When you think of Switzerland as a vegetarian the first thing should come to your mind is cheese. However, not all cheeses are vegetarian. In fact, most of the cheese you will find in Switzerland are not vegetarian.
Why Not All Cheese Are Vegetarian
In the cheesemaking process, a complex set of enzymes is used to separate milk into solid curds. This complex set of enzymes is called Rennet. It is produced in the stomach of young mammals. To extract this enzyme, unfortunately, a youngling has to die. If the cheese comes from the cow milk then the rennet comes from the younglings of the cow.
If cheese is soft, it can be made using lemon and other plant-based ingredients. However, if the cheese is hard, you need curds to form, which is done with the help of rennet.
Rennet can be vegetarian as well. You can use plant-based ingredients or microbial culture to process the cheese. The cost is usually lower and quality of the cheese is usually similar. However, many cheesemakers in Switzerland still prefer the authentic way of producing cheese. In recent years, due to higher demand and lower cost, a trend is becoming popular across the world to produce vegetarian cheese.

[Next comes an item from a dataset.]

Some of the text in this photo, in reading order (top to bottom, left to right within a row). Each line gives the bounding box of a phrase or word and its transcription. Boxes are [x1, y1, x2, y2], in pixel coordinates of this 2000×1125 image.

How Do You Know If Cheese On Your Plate is Vegetarian?
- If you are in a restaurant, always check with your server. They may be able to explain the process.
- If the cheese is soft, it is possibly vegetarian (soft cheese usually do not need animal rennet).

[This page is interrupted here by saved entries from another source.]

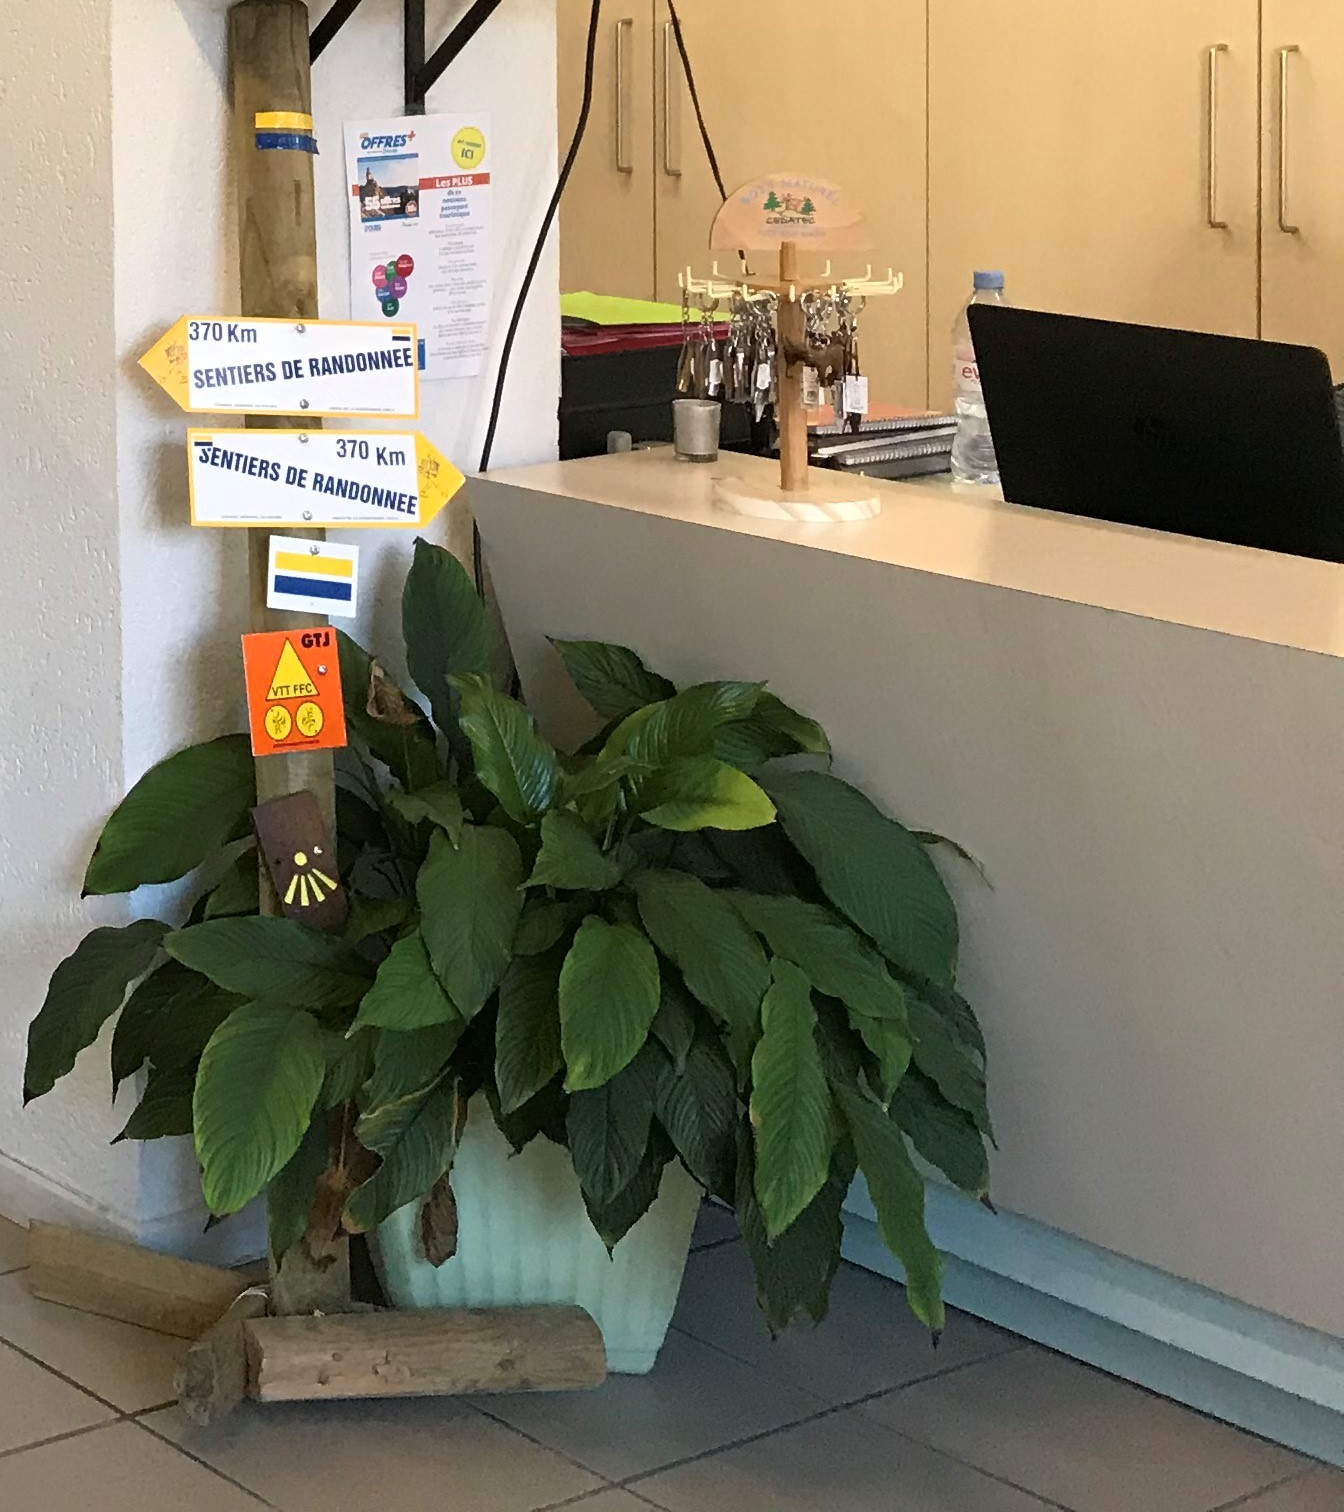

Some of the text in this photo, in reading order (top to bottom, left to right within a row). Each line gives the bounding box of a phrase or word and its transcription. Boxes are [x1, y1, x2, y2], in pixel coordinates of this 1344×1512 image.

[435, 176, 473, 188] Les PLUS
[189, 321, 258, 343] 370 Km
[193, 347, 414, 389] SENTIERS DE RANDONNEE
[335, 438, 406, 466] 370 Km
[198, 445, 418, 515] SENTIERS DE RANDONNEE
[301, 632, 330, 649] GTJ
[272, 682, 313, 696] VTT FFC

- Check the label, look for ingredients like – vegetarian rennet, microbial rennet.
- If the cheese is French and has the AOC (Appellation d’Origine Contrôlée) label – It is not vegetarian.
- If the cheese name has the word Parmesan – It is not a vegetarian.

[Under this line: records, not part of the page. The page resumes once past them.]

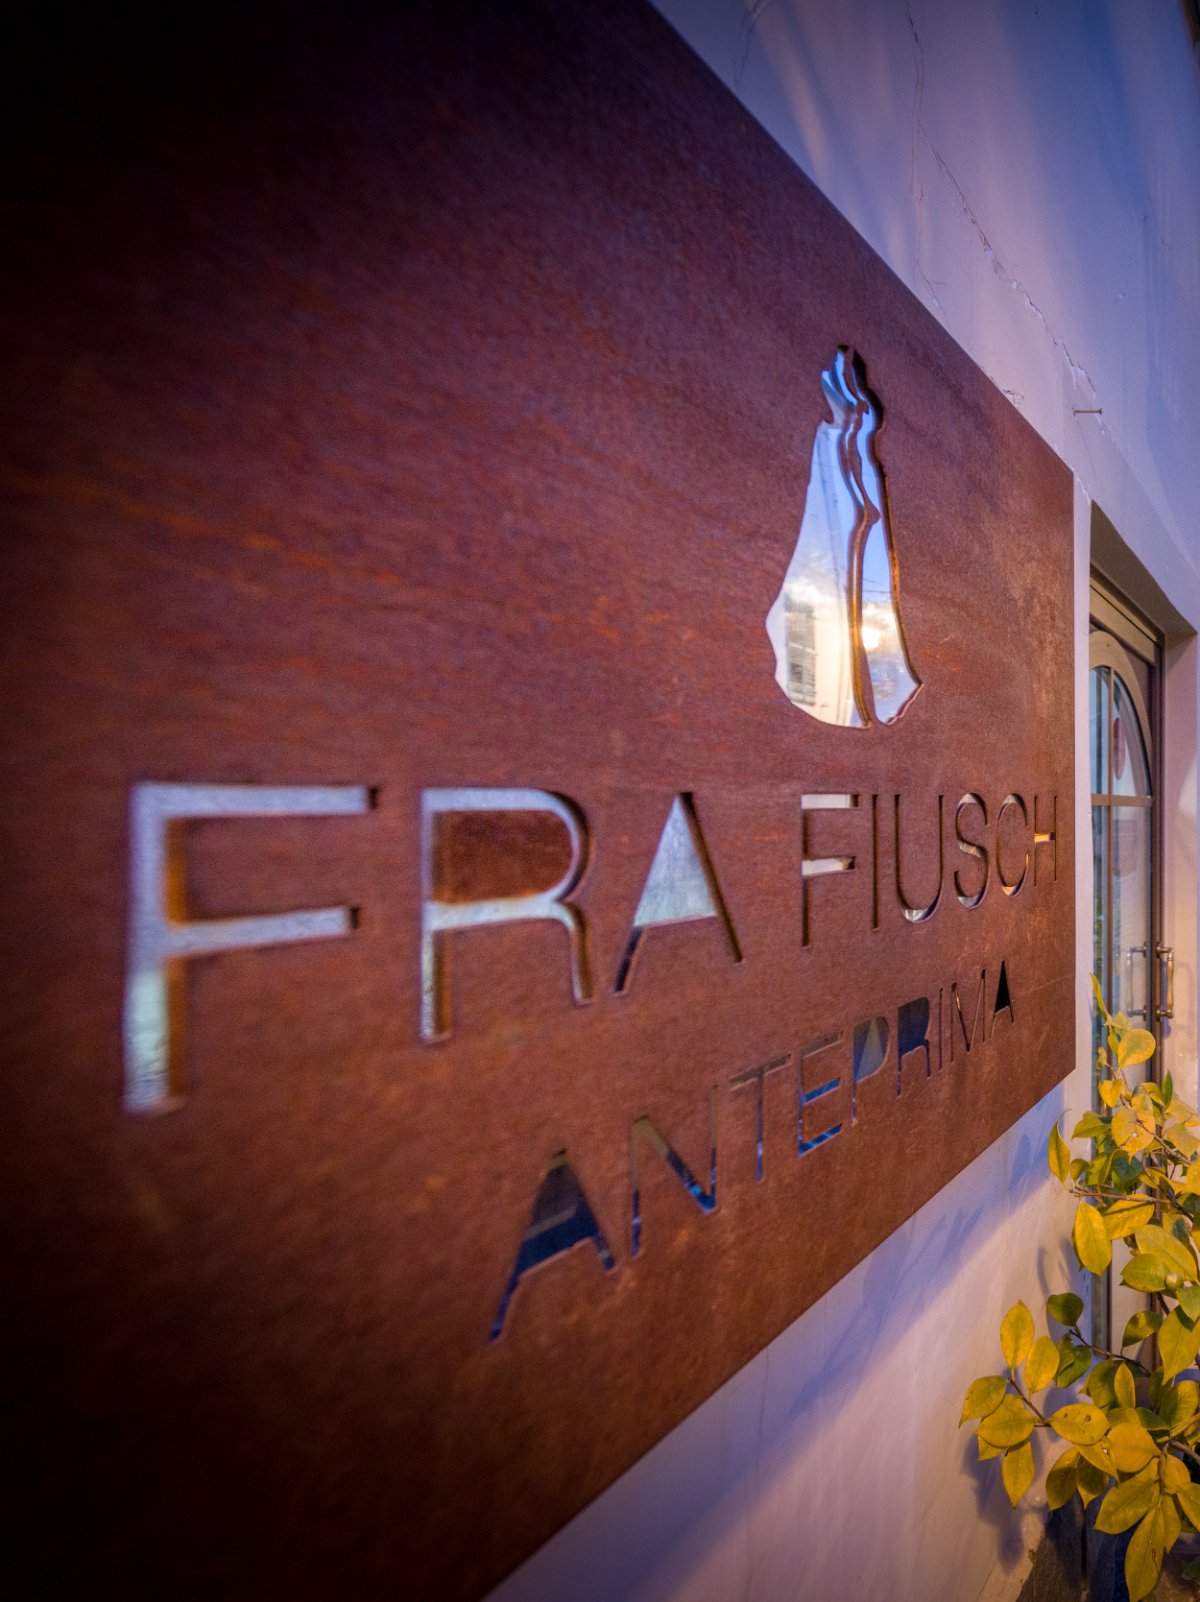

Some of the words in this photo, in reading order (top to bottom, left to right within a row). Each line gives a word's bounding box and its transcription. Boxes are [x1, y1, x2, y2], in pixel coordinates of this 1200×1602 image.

[123, 782, 743, 1114] FRA
[800, 792, 1058, 947] FIUSCH
[489, 959, 1015, 1341] ANTEPRIMA
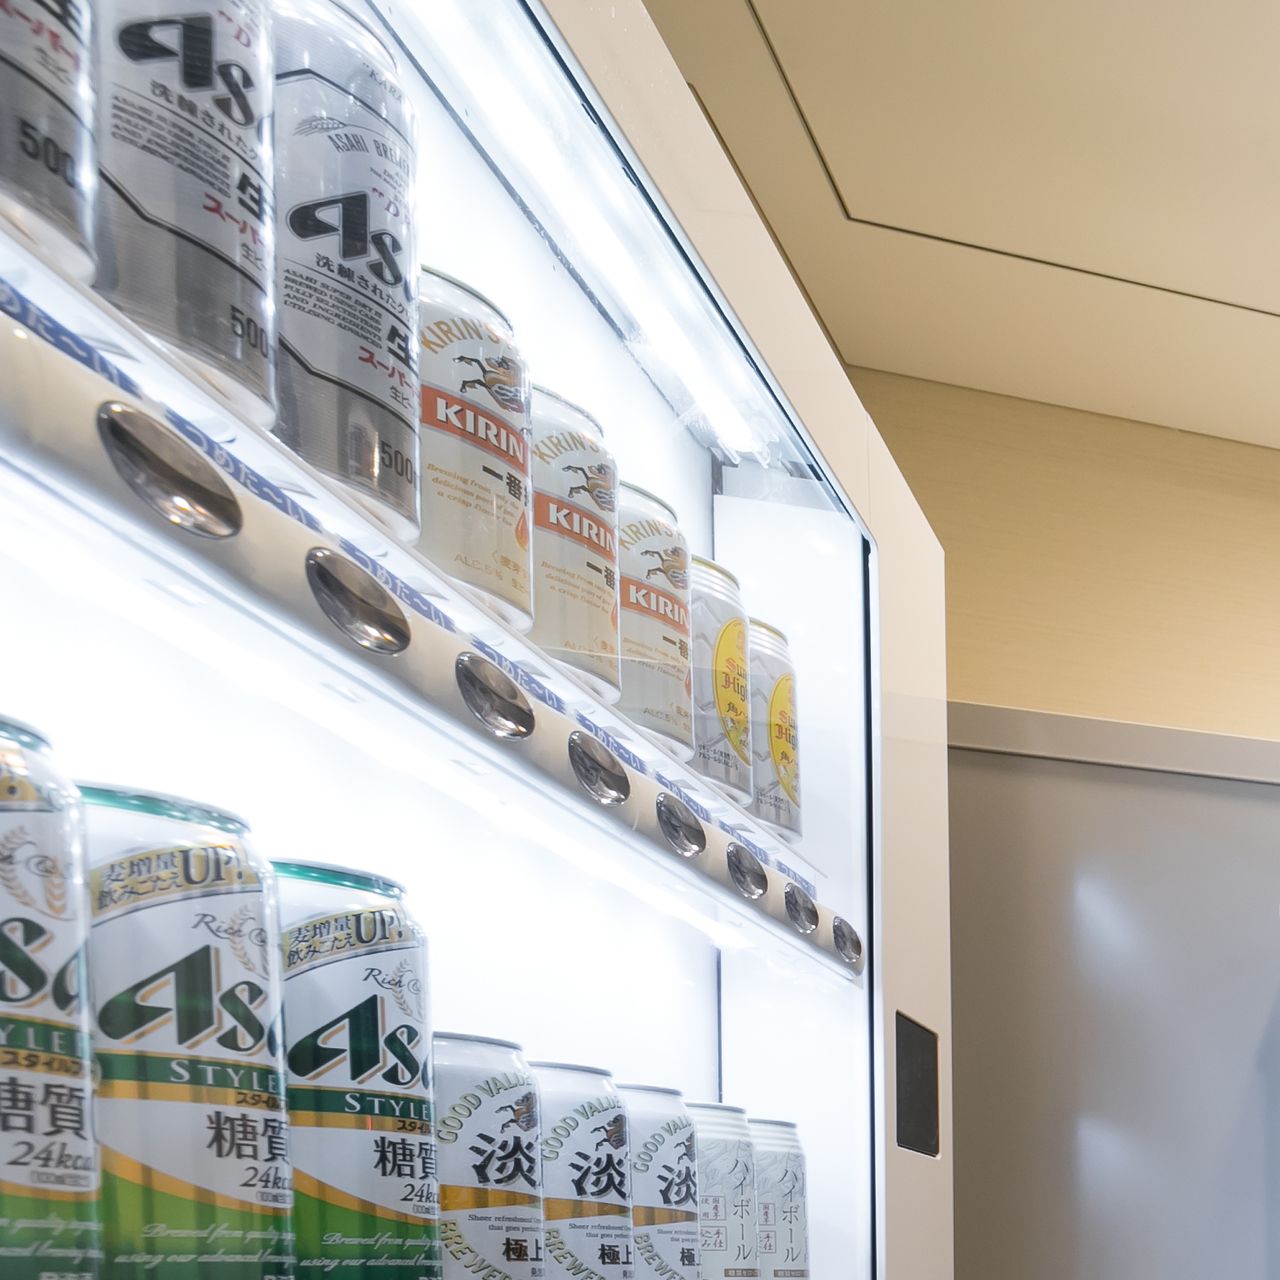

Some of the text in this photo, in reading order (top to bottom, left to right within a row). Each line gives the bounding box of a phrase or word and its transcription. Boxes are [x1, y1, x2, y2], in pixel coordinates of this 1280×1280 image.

[436, 397, 525, 465] KIRIN
[549, 502, 617, 552] KIRIN
[629, 584, 690, 629] KIRIN
[353, 909, 404, 945] UP!
[170, 1059, 279, 1094] STYLE
[345, 1093, 430, 1122] STYLE
[437, 1092, 483, 1145] GOOD
[206, 1110, 290, 1164] 糖質
[374, 1136, 439, 1182] 糖質
[540, 1114, 579, 1162] GOOD
[633, 1132, 667, 1174] GOOD
[728, 1158, 754, 1263] ハイボール
[777, 1168, 802, 1264] ハイボール
[503, 1237, 543, 1263] 極上

Sometimes it is difficult to make sure if your cheese is vegetarian. If you are in a restaurant, check with your server if they can suggest you a vegetarian cheese. I was in a restaurant in old town Zurich to try raclette, which often comes from non-vegetarian cheese. However, they had vegetarian options as well and I was glad to try a vegetarian raclette in Zurich!
Nevertheless, it is very hard to draw the line. Some people are following a vegetarian diet due to health reasons. Whereas, others are vegetarians due to ethical reasons and for them, this kind of cheese would not be ok. This debate is never-ending, therefore I am leaving it to people to make their own decisions.
My experience in Switzerland was incredible. I observed the country and its culture closely with locals. I visited a local cheese factory in a village, visited a chocolate factory, had fondue with Swiss friends, visited a Swiss family for dinner, experienced life of students and visited a dorm, been to the mountains, waterfall and a lot more! All of this is coming up in the following articles. Nevertheless, I still wanted to post this article first, because it is important to know about the cheese.
If you are travelling to Switzerland soon and can’t wait for my next articles. Let me assure you – Switzerland is going through a phase where eating vegetarian or vegan food is fancy. There are a lot of vegetarian options from all over the world. Moreover, if you dig into authentic Swiss food menu, you will find at least one vegetarian dish. In fact, one of my favourite vegetarian/vegan breakfast is Swiss Rosti!